In the New Testament reading for today, Paul reminds the Corinthians, “The present form of this world is passing away,” and so they are to hold onto relationships loosely. Friends, spouses, children are gifts for a time but our trust must be with God, not with them. I read once that “leave father and mother” is not a call to leave in the lurch, to leave unloved and uncared for but is a call to value God and to realize his love calls us to a bigger family. The Jesus, who called, healed Peter’s mother-in-law of a fever when he visited. The Jesus, who called, had time for the woman bleeding as he went to heal Jairus’ daughter. The Jesus, who called, welcomed the little children, the blind, and the lepers. He cared about people, families and our relationships. He can care for our loved ones. Call is a call to trust him with that which we hold close to our hearts – now. Trust is not something that happens tomorrow, that is earned. Trust is what we do when we cannot see how things will work out. God relented of his anger with the Ninivites but that did not change Jonah’s need to preach. James and John’s father may struggle with the family business but that did not stop their response. The new President may not be the one we would have liked but that does not remove from us the responsibility to be Christians now nor does it erase God’s hand in the events.

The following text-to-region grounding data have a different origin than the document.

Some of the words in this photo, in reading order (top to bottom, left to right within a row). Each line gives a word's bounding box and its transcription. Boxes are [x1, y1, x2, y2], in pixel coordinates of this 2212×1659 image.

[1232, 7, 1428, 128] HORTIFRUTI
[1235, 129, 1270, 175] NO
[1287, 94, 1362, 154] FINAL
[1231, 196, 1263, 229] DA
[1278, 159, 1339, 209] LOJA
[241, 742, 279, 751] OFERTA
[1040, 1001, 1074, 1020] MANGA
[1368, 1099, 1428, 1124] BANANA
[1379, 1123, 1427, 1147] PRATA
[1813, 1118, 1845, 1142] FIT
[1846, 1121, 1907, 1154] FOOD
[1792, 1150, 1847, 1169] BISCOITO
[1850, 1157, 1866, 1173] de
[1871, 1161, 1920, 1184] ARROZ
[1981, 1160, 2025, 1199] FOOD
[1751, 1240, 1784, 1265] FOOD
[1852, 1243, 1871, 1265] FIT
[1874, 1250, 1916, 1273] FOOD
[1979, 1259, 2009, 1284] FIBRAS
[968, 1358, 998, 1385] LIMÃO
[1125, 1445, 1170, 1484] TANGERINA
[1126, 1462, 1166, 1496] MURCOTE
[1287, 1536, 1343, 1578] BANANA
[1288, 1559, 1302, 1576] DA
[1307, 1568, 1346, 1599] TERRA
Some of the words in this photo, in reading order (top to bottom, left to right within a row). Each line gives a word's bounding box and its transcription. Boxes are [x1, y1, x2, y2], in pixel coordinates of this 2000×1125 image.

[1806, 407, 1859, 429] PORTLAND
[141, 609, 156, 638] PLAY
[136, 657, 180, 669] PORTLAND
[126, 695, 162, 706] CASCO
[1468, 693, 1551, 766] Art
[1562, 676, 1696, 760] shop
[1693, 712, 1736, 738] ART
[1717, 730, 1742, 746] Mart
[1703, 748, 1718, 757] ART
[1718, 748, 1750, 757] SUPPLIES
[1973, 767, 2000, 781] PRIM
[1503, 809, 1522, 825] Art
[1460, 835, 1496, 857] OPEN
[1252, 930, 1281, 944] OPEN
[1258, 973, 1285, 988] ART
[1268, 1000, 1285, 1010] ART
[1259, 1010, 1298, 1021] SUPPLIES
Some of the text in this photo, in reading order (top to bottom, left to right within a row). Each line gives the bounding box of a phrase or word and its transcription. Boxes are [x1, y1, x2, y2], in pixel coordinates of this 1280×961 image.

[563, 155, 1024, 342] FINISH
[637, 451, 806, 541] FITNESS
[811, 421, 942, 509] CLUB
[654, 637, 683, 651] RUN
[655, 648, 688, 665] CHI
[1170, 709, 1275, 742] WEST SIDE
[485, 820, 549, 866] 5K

Call is not to success but to faithfulness – now. Call is to a vision of service to others and not just to a list of tasks for the day. Call is a step into an unknown future trusting God to work it out and trusting God to care for those we care for. We do not know what tomorrow will bring but we know who is with us now and tomorrow. The book of Jonah ends with God asking Jonah a question, “And should I not be concerned about Nineveh, that great city, in which there are more than a hundred and twenty thousand persons who do not know their right hand from their left, and also many animals?” God is concerned about all parties in the election, all struggling with covid, and all the economic challenges…and the animals in the environment. “He’s got the whole world is in His hands, you and me brother, you and me sister, and the itty, bitty babies.” Amen!